Or do you have the newest 670g fully integrated model? (In which case the answer would be totally different - I think.)

I have the CGM but the system is older

In which case, I believe all the above information is completely spot on for you.

Thank you everyone :slight_smile:


You’ve been given a lot of good advice already.

Like a lot of things about diabetes, it depends. I’ve been wearing a closed loop artificial pancreas system since last November and temporary basal rates, including a zero temp basal rate, are how the system attempts to steer blood glucose levels.

When I first heard this notion, I thought it impractical since insulin takes 90-120 to peak and it could not produce any near term effect in BG levels. I was wrong. I am amazed at how much temp basal rates can help with a trend if you’re watching closely enough.

In me, I find basal rates changes effecting BG levels in the 15-20 minute range if my blood glucose is drifting and there are no large boluses of insulin or food trying push my CGM line forcefully up or down.

But I would not use the pump suspend function because that means you’ll have to return at a later time to unsuspend it. And sometimes you might forget, check that, you will forget and then have to deal with correcting a high. I would set a 30-minute temp basal to zero and test for the effect you want. After 30 minutes, it’ll just time-out and revert back to your regular basal program.

Experiment and track your results. You can get better with time.

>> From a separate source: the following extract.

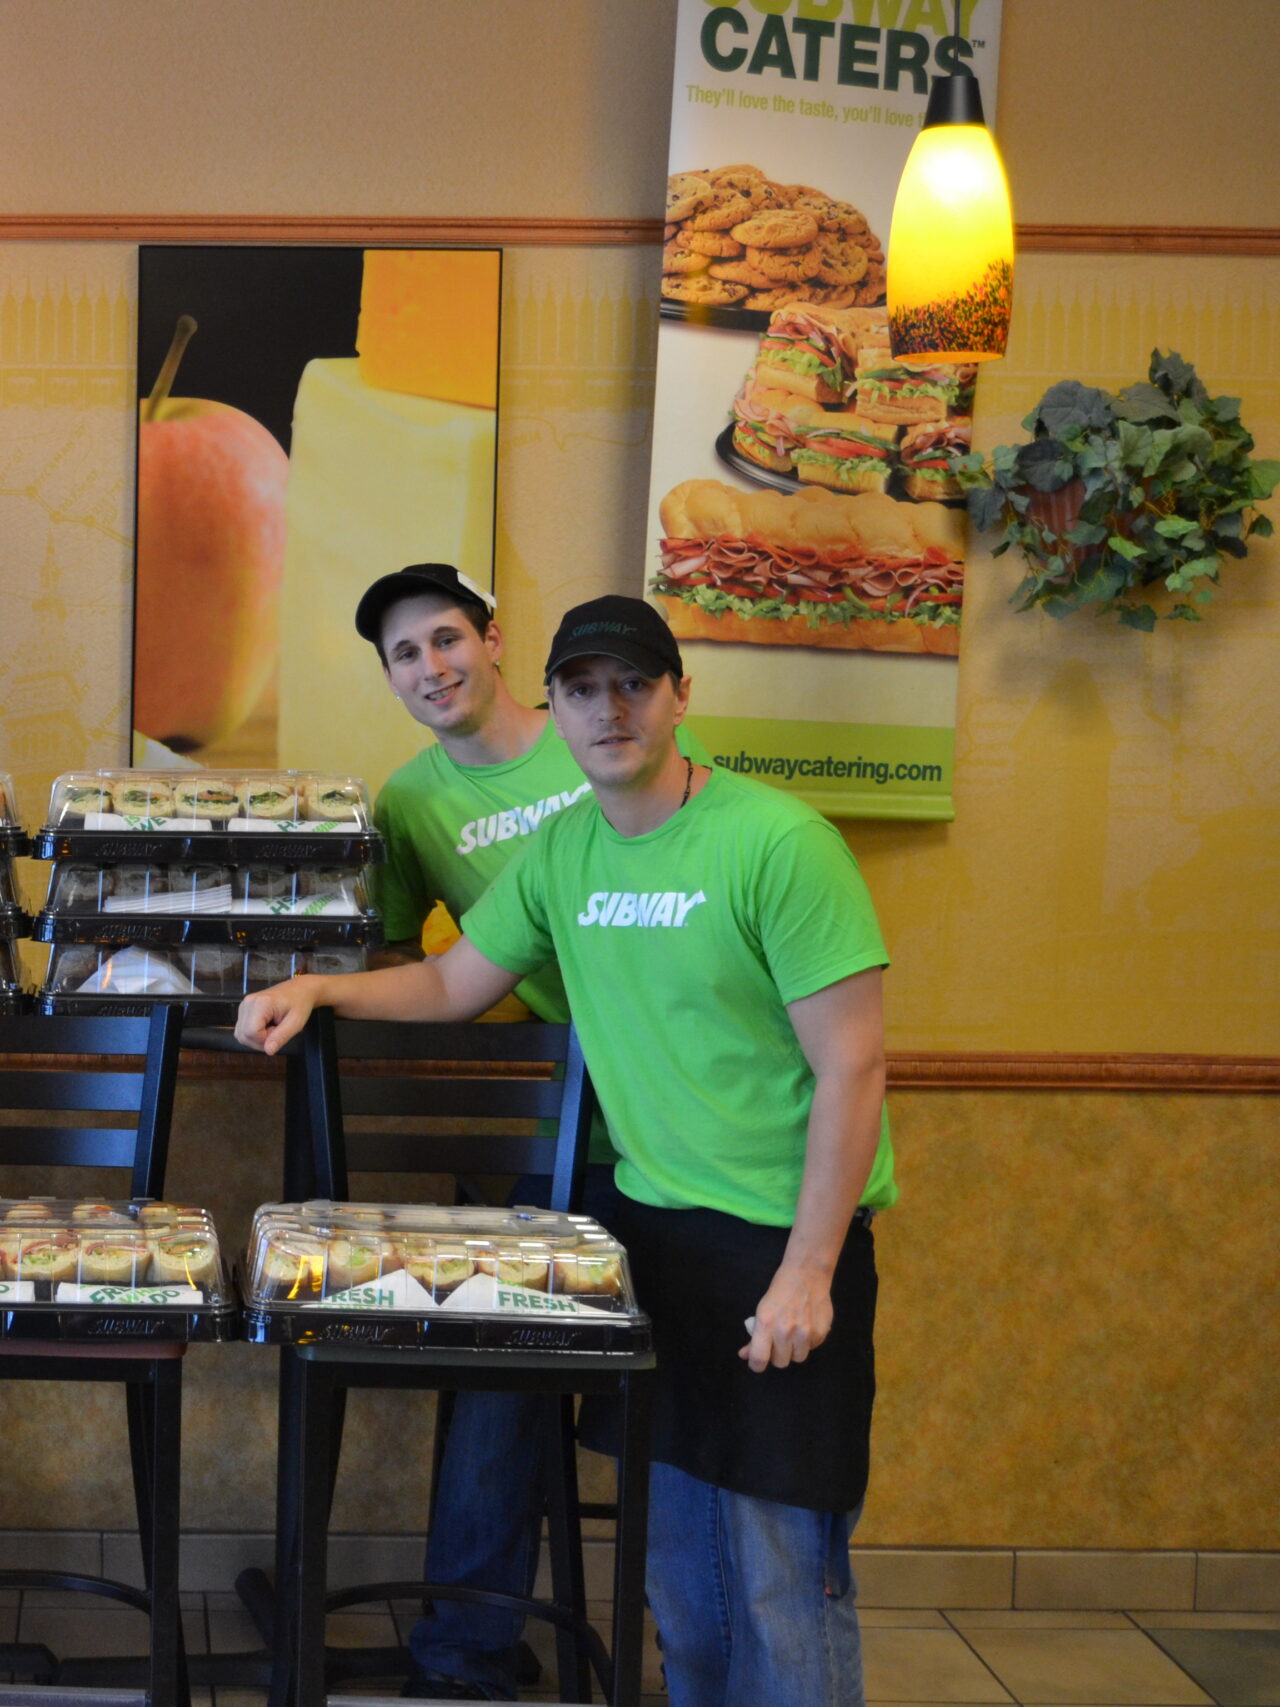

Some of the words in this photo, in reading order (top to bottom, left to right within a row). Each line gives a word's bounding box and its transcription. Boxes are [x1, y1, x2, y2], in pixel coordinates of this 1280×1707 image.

I would decrease the temp basal, but not suspend. So, I agree with Terry and the others.

The concept of adjusting temp basal rates is both foreign and intriguing to me. I don’t currently pump, but it’s often been one of the things that has drawn me to wanting to get a pump.

I feel my control is already pretty tight, but I wonder what kind of advantages I could get from that.

I find it wiser to use a temporary basal rate of zero, than to Suspend, because too often I’ve forgotten to turn off the Suspend until many hours later, so don’t make the same mistakes that I have. Sometimes I get lazy and hit Suspend, because it takes fewer button pushes on a MM pump to do that, than to set the basal rate to zero percent for x number of hours.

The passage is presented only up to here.